What's notable about plays like this isn't just that Batum is passing - it's that he's looking to pass. He's got his head down, rarely even looking to the rim. His eyes are more directed toward the guys around him and how the play is unfolding on the floor. He's trying to make the right basketball play.

Defensively, Batum has also stayed solid. His greatest strength on that end of the floor has always been his flexibility - he can scramble around screens to stick with his man or switch to just about anyone. He's physical enough to stay with bigger players and quick enough to stay with smaller guys, too.
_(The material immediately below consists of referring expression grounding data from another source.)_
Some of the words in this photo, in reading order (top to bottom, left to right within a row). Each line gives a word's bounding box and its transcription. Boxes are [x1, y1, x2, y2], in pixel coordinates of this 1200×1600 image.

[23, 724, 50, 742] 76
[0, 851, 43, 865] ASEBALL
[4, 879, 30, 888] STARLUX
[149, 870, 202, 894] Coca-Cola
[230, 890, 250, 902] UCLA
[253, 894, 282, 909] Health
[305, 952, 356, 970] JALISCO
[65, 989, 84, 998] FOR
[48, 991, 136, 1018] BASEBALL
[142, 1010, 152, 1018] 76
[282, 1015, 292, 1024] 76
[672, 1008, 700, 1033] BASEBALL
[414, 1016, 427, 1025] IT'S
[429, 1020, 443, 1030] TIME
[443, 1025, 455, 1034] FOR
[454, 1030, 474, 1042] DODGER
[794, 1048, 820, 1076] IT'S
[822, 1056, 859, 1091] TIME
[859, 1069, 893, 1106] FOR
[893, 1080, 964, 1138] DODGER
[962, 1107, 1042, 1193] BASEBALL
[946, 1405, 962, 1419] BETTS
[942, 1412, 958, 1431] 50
None of that has changed during Batum's recent slump. Check out his clip of the Blazers' small forward guarding recent Memphis acquisition Jeff Green:



This is classic Batum defense. The Grizzlies run a 3-5 pick-and-roll, with Marc Gasol on the wing facilitating the play with a dish to Green in the corner. Green cuts back to the wing, where he's met with a hard screen from Gasol; rather than get lost as a result of the huge dude in front of him, Batum curls around Gasol and stays in a virtual lockstep with the driving Green. The result is Green getting funneled into the paint where he's swarmed by the three-man powerhouse of Batum, Chris Kaman and Aldridge. Unsurprisingly, he misses the driving layup.
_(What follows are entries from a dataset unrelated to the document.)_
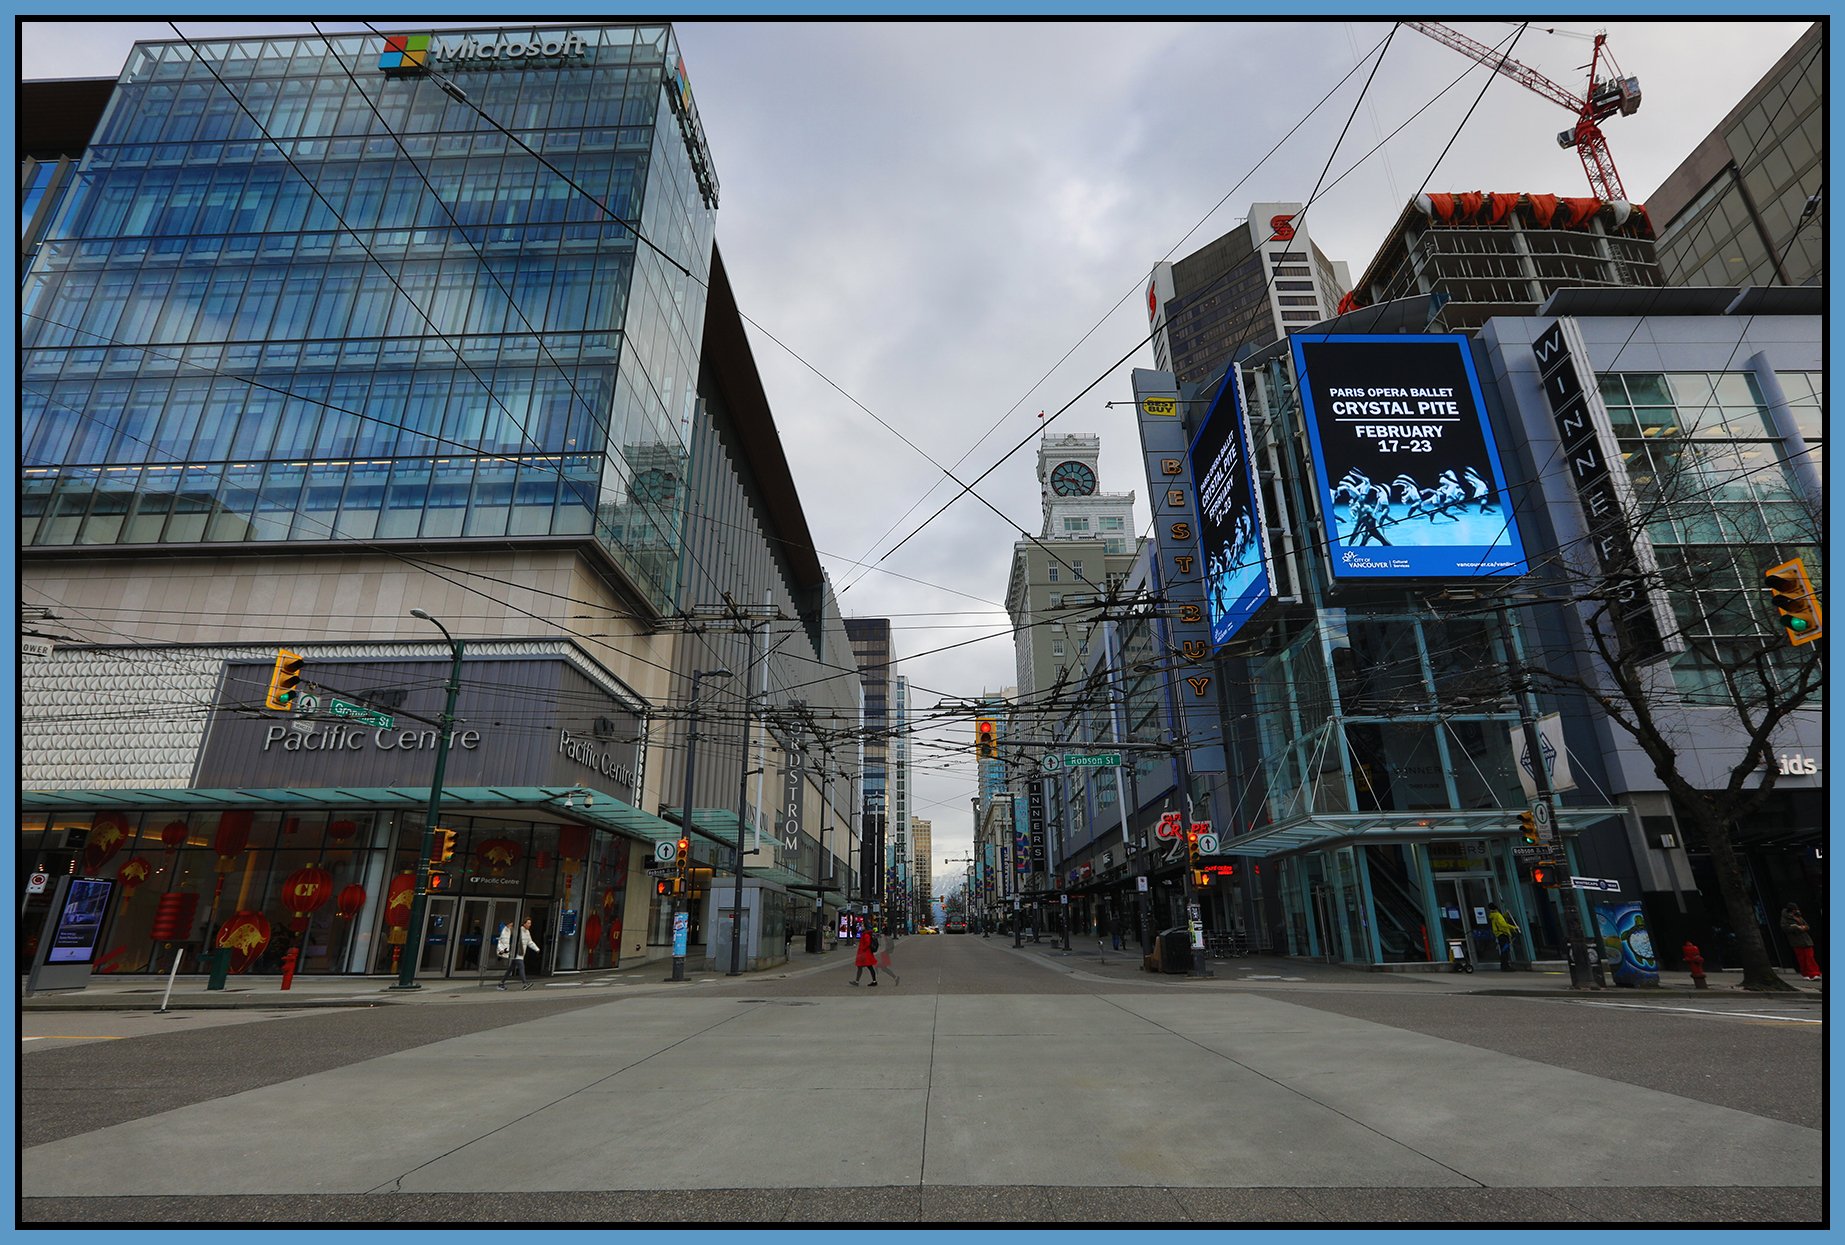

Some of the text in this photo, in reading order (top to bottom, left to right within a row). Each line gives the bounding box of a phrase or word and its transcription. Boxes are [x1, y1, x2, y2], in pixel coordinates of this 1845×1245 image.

[436, 33, 586, 62] Microsoft
[1329, 388, 1453, 398] PARIS OPERA BALLET
[1332, 401, 1459, 415] CRYSTAL PITE
[1355, 425, 1443, 438] FEBRUARY
[1377, 439, 1433, 452] 17-23
[1202, 443, 1237, 508] CRYSTAL PITE
[1161, 459, 1209, 696] BEST BUY
[378, 715, 391, 727] St
[264, 725, 480, 751] Pacific Cenre
[559, 727, 599, 770] Pacific
[601, 753, 635, 788] Centre
[784, 720, 802, 850] ORDSTROM
[1157, 820, 1210, 840] CRPE
[294, 883, 319, 897] CF
Little plays like this, while they don't generate a lot of headlines or merit much attention from casual fans, are the bread and butter of Nic Batum's game. He's one of those guys who can help his team dozens of times every night in little ways that don't show up on the stat sheet. (Well, assists do, but you get my point.) So even when Batum's wrist fails him - or maybe, just when he falls victim to a little bit of statistical variance, who knows - he's still an incredibly useful player. He's a lot more than a jump shooter.

I've seen a lot of ludicrous ideas tossed around these last couple of weeks about what the Blazers should do with Batum. There are people who want to trade the guy; people who want to bench him and toss all his minutes to Allen Crabbe and Dorell Wright. There are people who think that Batum, at age 26, after six-plus very productive seasons in Portland, is done. To this I say: Pshaw. With a player like this, who's a star contributor in his prime - and with a team like this, which is set up to win not only right now, but in future years as well - you must look at the big picture.

This Portland team has a legitimate shot at winning a title in 2015, and to do that, you need a variety of guys contributing in different ways. The Blazers already have one of the best offensive backcourts in the game with Lillard and Wesley Matthews; they've got a pair up front that can man the paint once they're healthy again, with Aldridge and Robin Lopez. With Batum, they don't need 20 points a night on 12 shots. They can get by with just an uber-capable glue guy who passes, rebounds, defends and makes hustle plays on both ends of the floor. In fact, every great team needs that guy, and indeed, Batum is the Blazers'.

Batum will never be Kobe Bryant - at least not the Kobe who's shot prolifically his whole career and scored more career points than Michael Jordan. But hey - between Kobe and Nicolas Batum, only one of the two will be on an NBA court this May. When it comes to that guy, let's all just remain patient.